Storing credentials is easy on macOS because of the many years of work Apple's security engineers have quietly done, mostly without disruption. Every app on macOS has cryptographically verified identity, which is the hardest part. The rollout of all of this has been so smooth most devs don't even realize how much protection the OS now provides. Let's take a moment to note that this is worthy of serious respect. MacOS is by far the most secure desktop OS out there today, IMHO.

-- Windows --

Possible but much harder and mostly undocumented. I haven't yet tried it myself, but it's on the todo list. Firstly, note that protecting credentials from other apps requires the OS to understand app identity i.e. what files belong to an app, who signed them, and then the OS must stop other apps from tampering with those files or the address space of the program that's running. The only supported way to do this on Windows is by packaging and installing your app with MSIX. If you haven't encountered this format before please open my bio, follow the link to my company's product and the user guide will tell you all about it. If you aren't shipping your app with MSIX forget it, there's no way to protect credentials from other apps, only other users using regular file or keychain permissions.

If you do use MSIX then it's possible to create directories that only your app can read, but which are still owned by the user i.e. the user can override the protection using Explorer if they want to. The way to do this is far too complicated to explain here unfortunately and involves some serious Windows API voodoo.

-- Linux --

As always on Linux, "it depends" but is basically not possible in a widely supported and portable way. Whilst Linux the kernel has all the needed tools, they're not knitted together across the userspace and packaging ecosystem to make it possible. The closest thing to app identity is either SELinux (Red Hat specific more or less) or FlatPaks. Neither is understood by system keychains AFAIK? Debugger APIs aren't really locked down either, and you can't make a directory in $HOME that only a specific FlatPak can read.

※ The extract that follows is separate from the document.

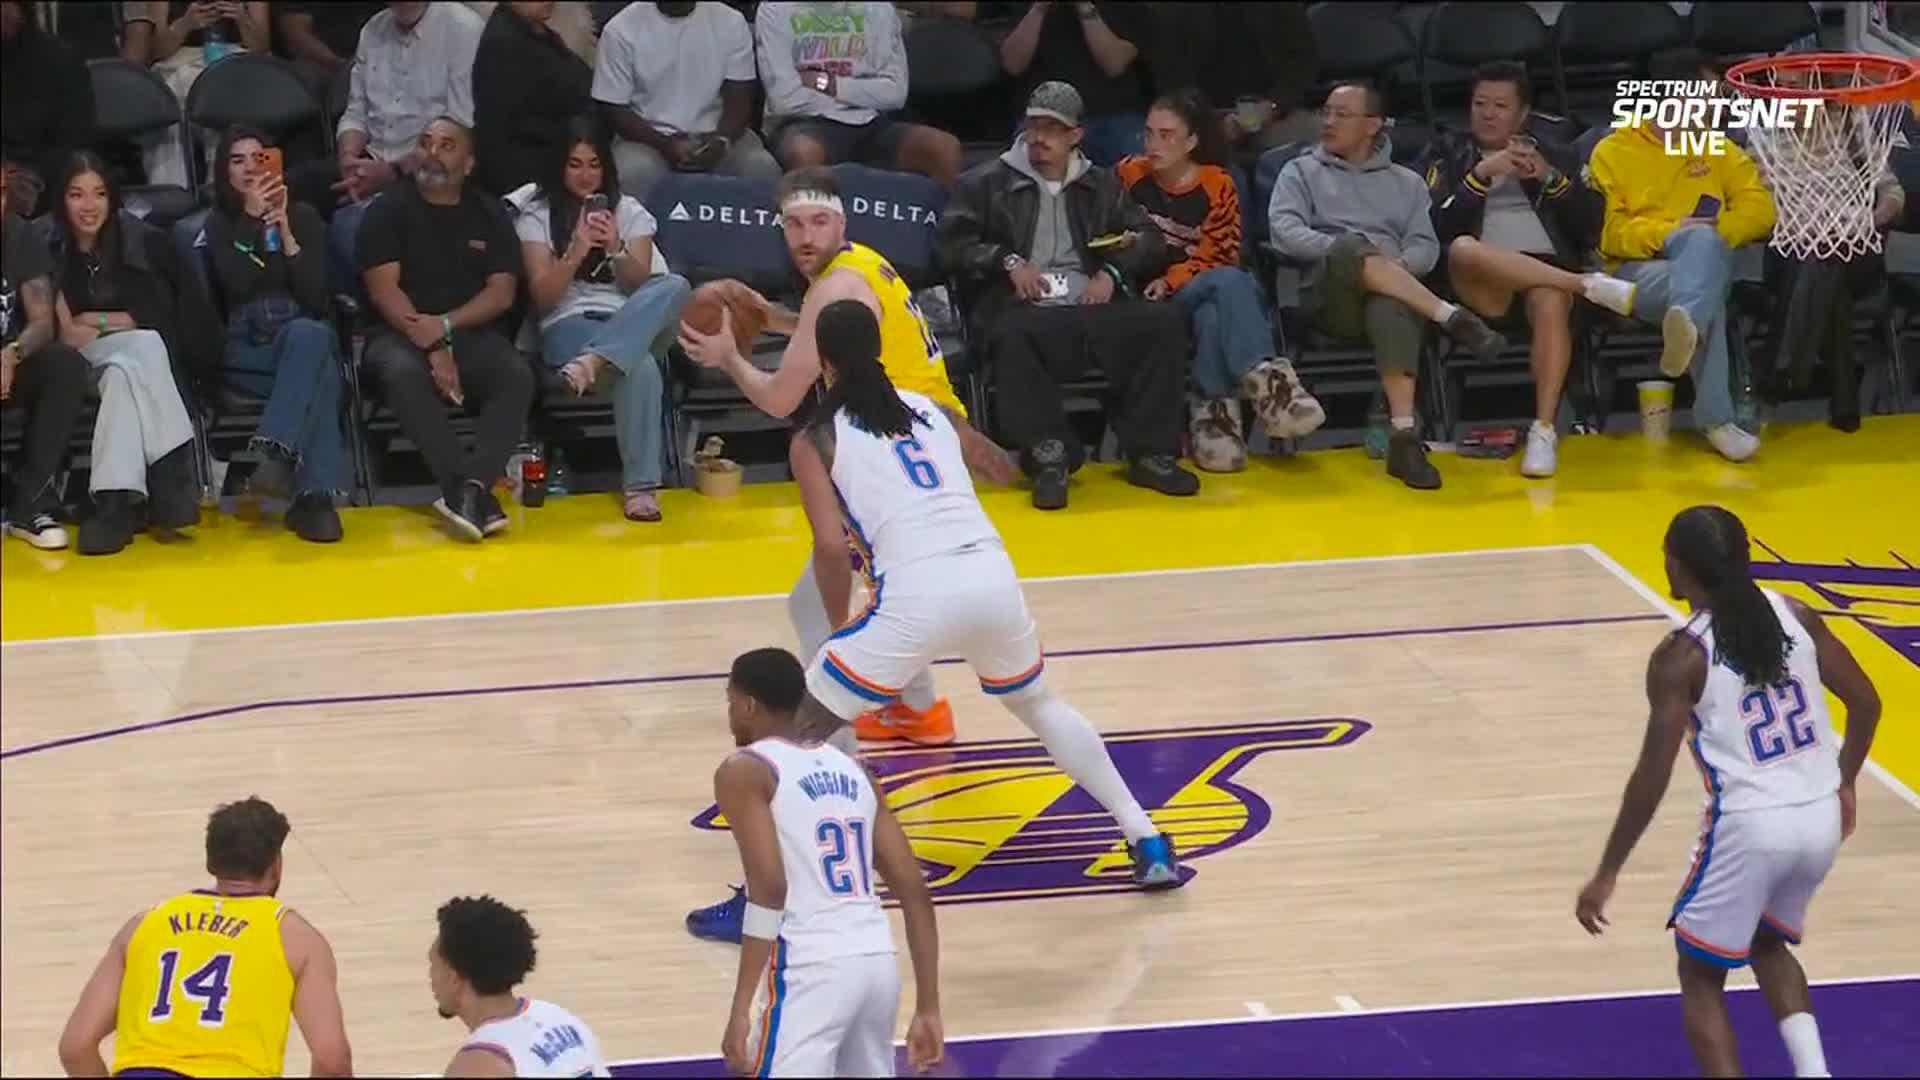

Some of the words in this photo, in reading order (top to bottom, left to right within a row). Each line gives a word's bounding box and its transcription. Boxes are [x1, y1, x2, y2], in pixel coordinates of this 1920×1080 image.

> the keystore database records the code signing identity of each app that creates an entry, and any other app that tries to access those credentials will trigger a permission check by the OS

Except for the CLI, which had full access to the keychain.


No, CLI apps also trigger access checks. Like I said, try it in your terminal using "ls". You'll find that trying to access a sandboxed container triggers a permission check.

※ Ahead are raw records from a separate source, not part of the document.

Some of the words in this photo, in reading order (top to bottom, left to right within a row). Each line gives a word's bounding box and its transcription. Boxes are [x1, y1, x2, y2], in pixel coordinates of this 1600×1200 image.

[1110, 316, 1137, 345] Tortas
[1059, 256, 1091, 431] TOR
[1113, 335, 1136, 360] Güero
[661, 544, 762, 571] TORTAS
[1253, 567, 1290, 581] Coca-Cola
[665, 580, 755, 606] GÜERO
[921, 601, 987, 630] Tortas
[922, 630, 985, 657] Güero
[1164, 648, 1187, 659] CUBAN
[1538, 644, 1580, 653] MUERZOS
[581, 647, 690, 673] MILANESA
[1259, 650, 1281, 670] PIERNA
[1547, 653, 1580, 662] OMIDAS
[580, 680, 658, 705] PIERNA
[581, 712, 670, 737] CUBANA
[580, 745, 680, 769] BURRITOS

Linux has Secrets API implemented in kwallet and gnome-keyring. They are used by default in gnome and plasma or can independently be installed anywhere else.


[vouched to bring your post back from the dead]

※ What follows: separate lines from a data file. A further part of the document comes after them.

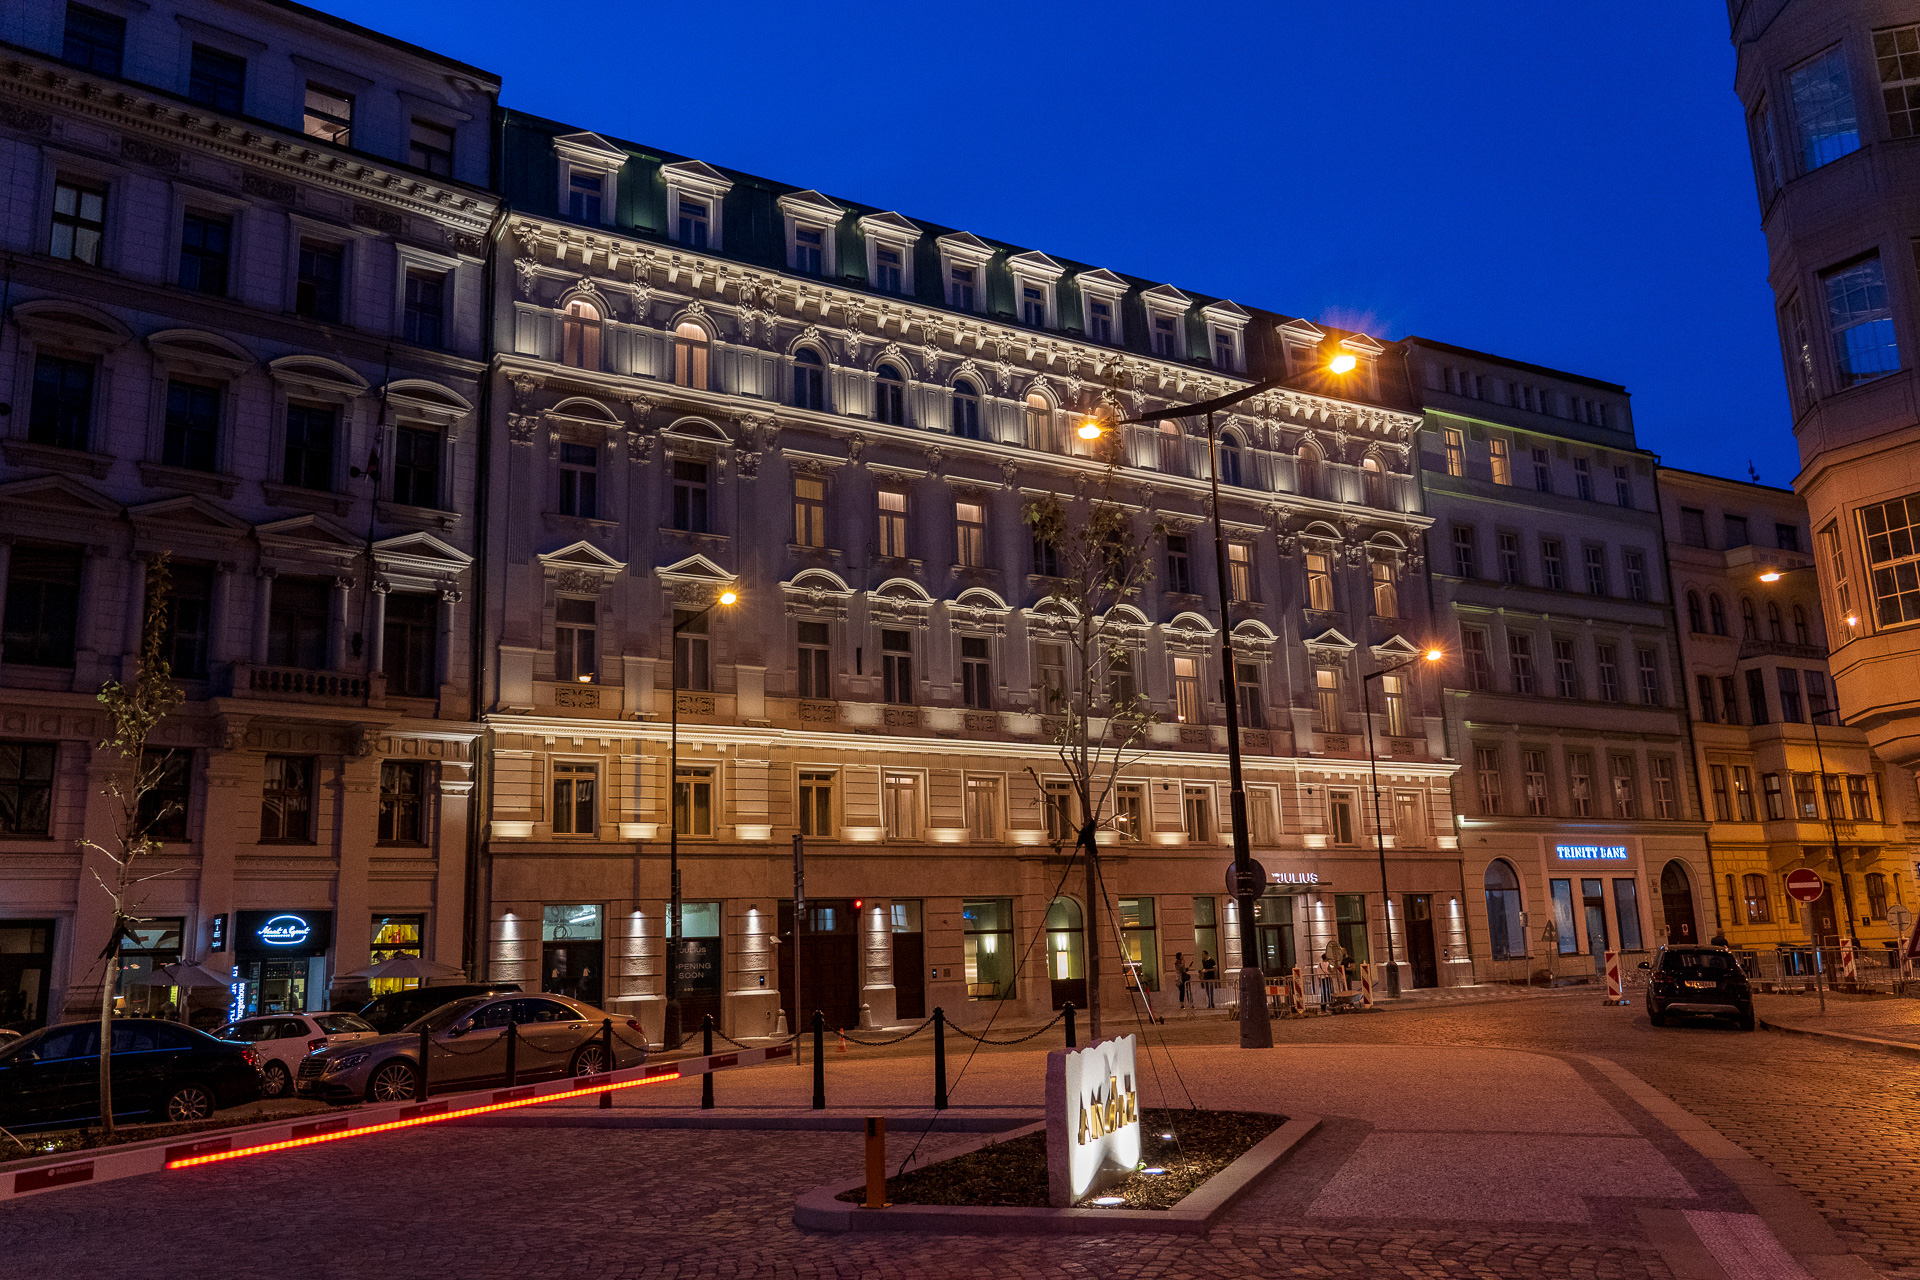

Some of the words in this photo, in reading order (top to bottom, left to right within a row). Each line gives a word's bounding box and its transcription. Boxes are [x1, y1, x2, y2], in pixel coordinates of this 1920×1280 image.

[1556, 846, 1598, 859] TRINITY
[1600, 846, 1627, 859] BANK
[1277, 872, 1319, 884] JULIUS
[675, 962, 712, 970] PENING
[678, 971, 705, 979] SOON

Yes that's true but the secrets API isn't really that useful last time I looked. It isn't capable of stopping one app reading the secrets of another, which makes it little different to just a regular file stored in the user's $HOME


im not sure how much access each application has over the entire secret store however it does ask the user before allowing access which is still better than a plain user readable file in home.

https://docs.kde.org/stable5/en/kwalletmanager/kwallet5/kwal...


as a reminder, this is just the desktop version not Android.

good catch. this kind of technical analysis makes signal a stronger application. now if only someone could convince Marlinspike to get off his high horse and de-centralize the service.

AWS is a terrible host. its all too willing to de-platform, as was evidenced when Senator Joe Liebermann politely requested they de-platform Assange and Wikileaks.


very, very early on in Signal, back when it was still called TextSecure, they did actually federate with other servers, in particular with servers run by CyanogenMod (predecessor of LineageOS, briefly a commercial startup, now defunct).

https://signal.org/blog/cyanogen-integration/

It seems like this was a very bad experience for Open Whisper Systems which is why they don't like decentralization.

Maybe the arguments for and against have changed since then.

But it's not like they just refuse to try it for no reason.